A car with 2 × 10^3 kg moving at a speed of 10 m/s collides and sticks with car B of mass of 3 × 10^3 kg initially at rest. How

stepan [7]

Answer:

$6 \times 10^4 \; \rm J$ .

Explanation:

KE lost = Total KE before Collision - Total KE after Collision.

For each car, the KE before collision can simply be found with the equation:

$\displaystyle \mathrm{KE} = \frac{1}{2}\, m \cdot v^2$ , where

$m$ is the mass of the car, and
$v$ is the speed of the car.

The $2 \times 10^3\; \rm kg$ car would have an initial KE of:

$\displaystyle \frac{1}{2} \times 2 \times 10^3 \times 10^2 = 10^5\; \rm J$ .

The $3 \times 10^3\; \rm kg$ car was initially not moving. Hence, its speed and kinetic energy would zero before the collision.

To find the velocity of the two cars after the collision, apply the conservation of momentum.

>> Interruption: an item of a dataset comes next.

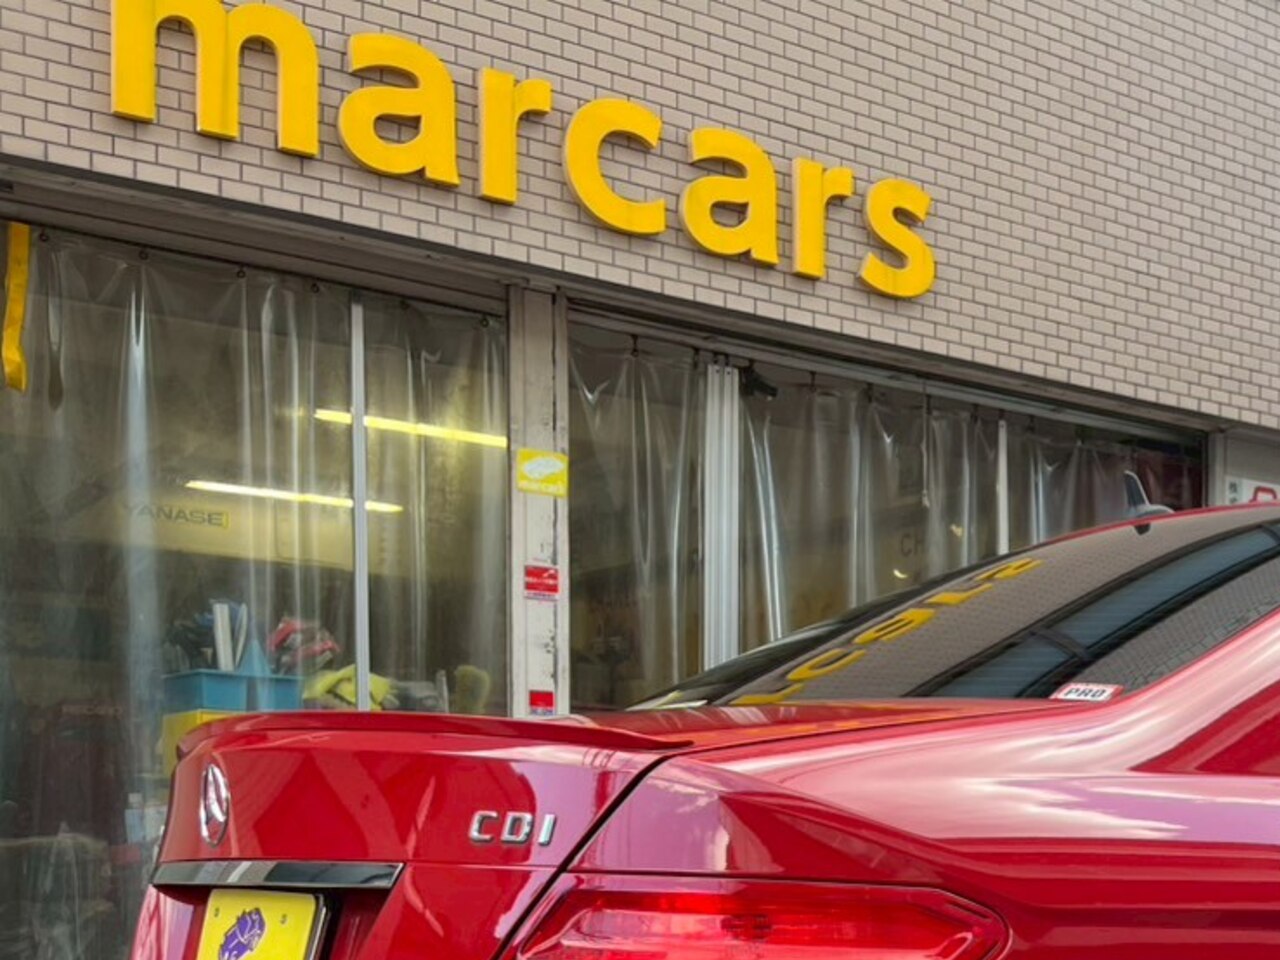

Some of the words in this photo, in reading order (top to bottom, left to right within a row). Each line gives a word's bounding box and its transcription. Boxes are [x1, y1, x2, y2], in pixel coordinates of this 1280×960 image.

[111, 0, 936, 299] marcars
[1063, 687, 1107, 698] PRO
[468, 809, 557, 847] CDI

The momentum $p$ of an object is equal to its mass $m$ times its velocity $v$ . In other words, $p = m\cdot v$ .

Let the mass of the two cars be denoted as $m_1$ and $m_2$ , and their initial speeds $v_1$ and $v_2$ . Since the two cars are stuck to each other after the collision, their final speeds would be the same. Let that speed be denotes as $v_3$ .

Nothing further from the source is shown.